Friday, April 26, 2013

Jihad Bernama Terorisme



Salah satu konsep ajaran Islam yang dianggap menumbuhsuburkan kekerasan adalah jihad. Konsep ini sering disalahpahami tidak hanya oleh kalangan non-Muslim, tetapi juga di kalangan umat Islam yang tidak memahaminya secara baik, benar, dan utuh. Secara bahasa, menurut pakar al-Qur'an, ar-Raghib al-Ashfahani, dalam kamus kosakata al-Qur'an-nya (al-Mufraddt), jihad adalah upaya mengerahkan segala tenaga, harta, dan pikiran untuk mengalahkan musuh. Seperti diketahui, dalam jiwa setiap manusia kebajikan dar keburukan sama-sama bersanding. Begitu pula dalam kehidupan bermasyarakat dan bernegara yang terdiri atas banyak individu. Dari sinilah lahir perjuangan (jihad) baik di tingkat individu maupun di tingkat masyarakat dan negara. Karena itu al-Ashfahani membagi jihad kepada tiga macam: 1) menghadapi musuh yang nyata; 2) menghadapi setan; dan 3) menghadapi nafsu yang terdapat dalam diri masing-masing. Di antara ketiga macam jihad ini yang terberat adalah jihad melawan hawa nafsu, sebagaimana sabda Rasulullah saw. ketika beliau baru saja kembali dari medan pertempuran; "Kita kembali dari jihad terkecil menuju jihad yang lebih besar, yakni jihad melawan hawa nafsu”.[1]

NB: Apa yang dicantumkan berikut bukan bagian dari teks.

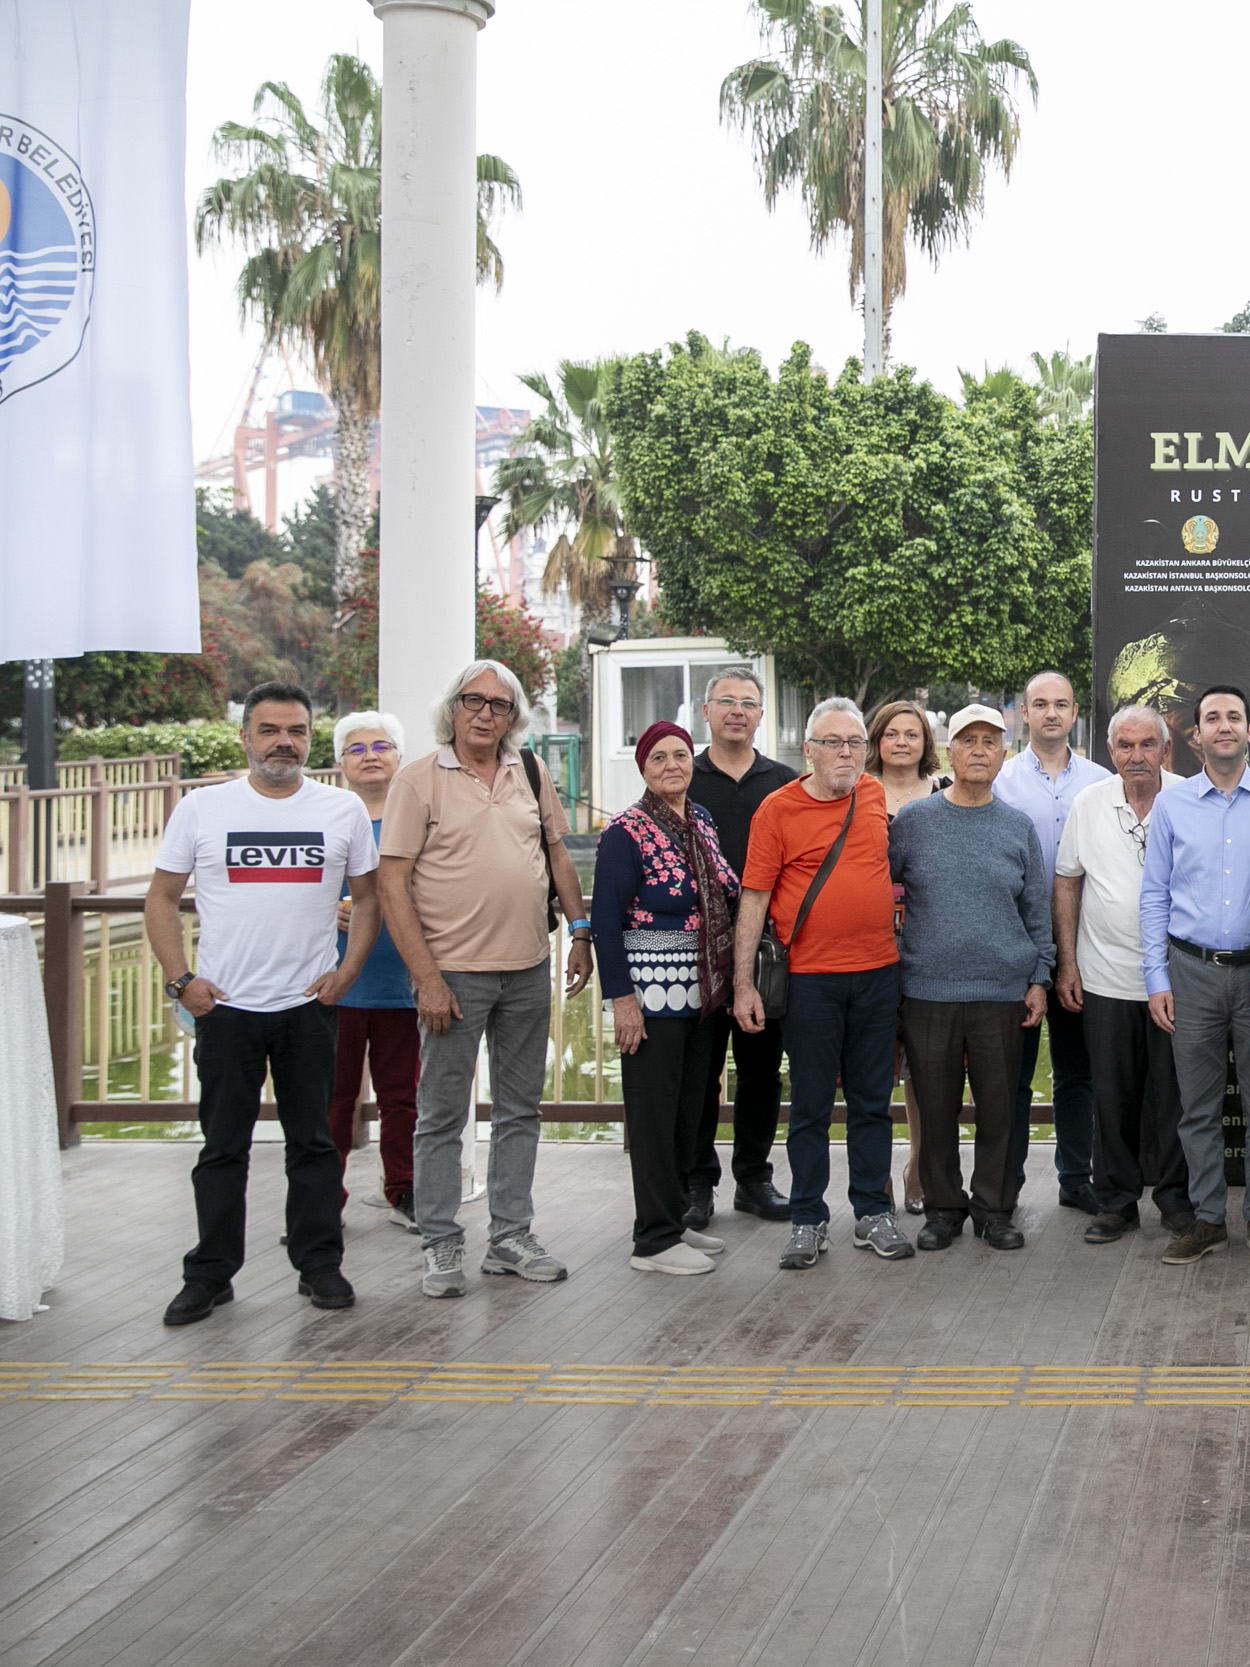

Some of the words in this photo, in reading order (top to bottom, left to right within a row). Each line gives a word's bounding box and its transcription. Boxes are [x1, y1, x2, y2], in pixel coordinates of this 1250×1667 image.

Memahami jihad dengan arti hanya perjuangan fisik atau perlawanan bersenjata adalah keliru. Sejarah turunnya ayat-ayat al-Qur'an membuktikan bahwa Rasulullah saw. telah diperintahkan berjihad sejak beliau di Mekkah, dan jauh sebelum adanya izin mengangkat senjata untuk membela diri dan agama. Pertempuran pertama dalam sejarah Islam baru terjadi pada tahun kedua Hijriah, tepatnya 17 Ramadhan, dengan meletusnya Perang Badar, yaitu setelah turun ayat yang mengizinkan perang mengangkat senjata seperti pada QS. al-Hajj [22]: 39-40. Allah berfirman:
"Telah diizinkan (berperang) bagi orang-orang yang diperangi, karena sesungguhnya mereka telah dianiaya. Dan sesungguhnya Allah, benar-benar Maha Kuasa menolong mereka itu. (yaitu) orang-orang yang telah diusir dari kampung halaman mereka tanpa alasan yang benar, kecuali karena mereka berkata: "Tuhan kami hanyalah Allah". Dan sekiranya Allah tiada menolak (keganasan) sebagian manusia dengan sebagian yang lain, tentulah telah dirobohkan biara-biara Nasrani, gereja-gereja, rumah-rumah ibadat orang Yahudi dan masjid-masjid, yang di dalamnya banyak disebut nama Allah. Sesungguhnya Allah pasti menolong orang yang menolong (agama) -Nya. Sesungguhnya Allah benar-benar Maha Kuat lagi Maha Perkasa".
Ayat ini menunjukkan bahwa perang yang diperkenankan adalah dalam rangka mempertahankan diri, agama, dan tanah air. Fithrah manusia cenderung tidak menyukai perang atau kekerasan, dan lebih mendambakan kedamaian. (QS. al-Baqarah [2]: 216) menyatakan demikian. Karena itu, hubungan Islam dengan dunia luar pada dasarnya dibangun atas perdamaian. Tetapi dalam kondisi tertentu, seperti jika ada pihak yang memusuhi Islam atau mengumumkan perang terhadap Islam dan umat Islam, Islam mengizinkan perang.
Perang membela agama tidak hanya dibolehkan oleh Islam. Agama Kristen yang sangat toleran sekalipun seperti tergambar dalam ungkapan Yesus dalam Injil Matius [5], 39: Jika ada yang menampar pipi kanan Anda maka putarlah dan berilah dia pipi kiri, juga membolehkan perang dalam situasi manakala dipandang membahayakan diri (Injil Lukas [22], 35-38; Lukas [12], 49-52).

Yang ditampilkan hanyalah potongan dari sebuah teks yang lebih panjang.